=== DATA RECORDS ===

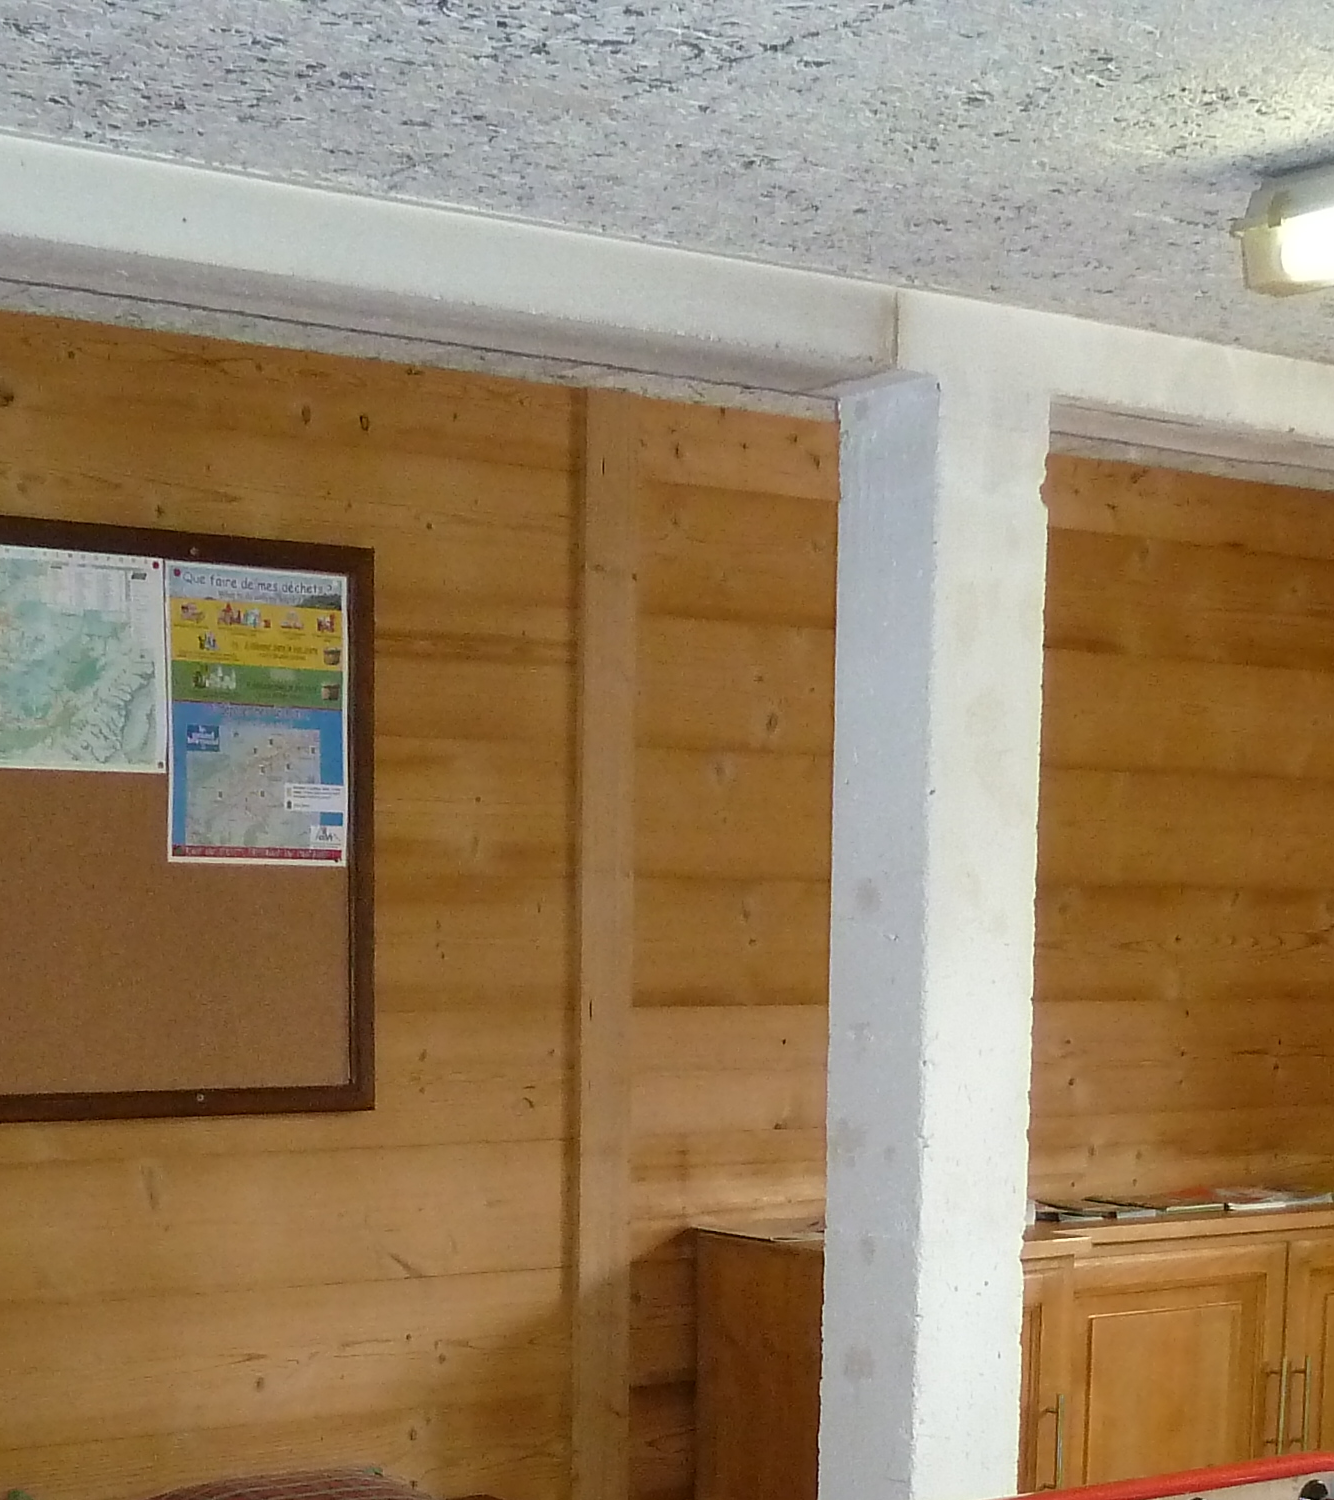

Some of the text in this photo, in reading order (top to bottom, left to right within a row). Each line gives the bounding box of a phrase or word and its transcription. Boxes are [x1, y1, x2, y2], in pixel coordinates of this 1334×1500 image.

[182, 571, 206, 585] Que
[210, 573, 237, 589] faire
[240, 576, 254, 591] de
[257, 582, 278, 592] mes
[281, 580, 323, 595] déchets

===

• [PROBLEM REQUIREMENTS] Print every entry above verbatim but drop the images.

• [WRITTEN ANSWER]
Some of the text in this photo, in reading order (top to bottom, left to right within a row). Each line gives the bounding box of a phrase or word and its transcription. Boxes are [x1, y1, x2, y2], in pixel coordinates of this 1334×1500 image.

[182, 571, 206, 585] Que
[210, 573, 237, 589] faire
[240, 576, 254, 591] de
[257, 582, 278, 592] mes
[281, 580, 323, 595] déchets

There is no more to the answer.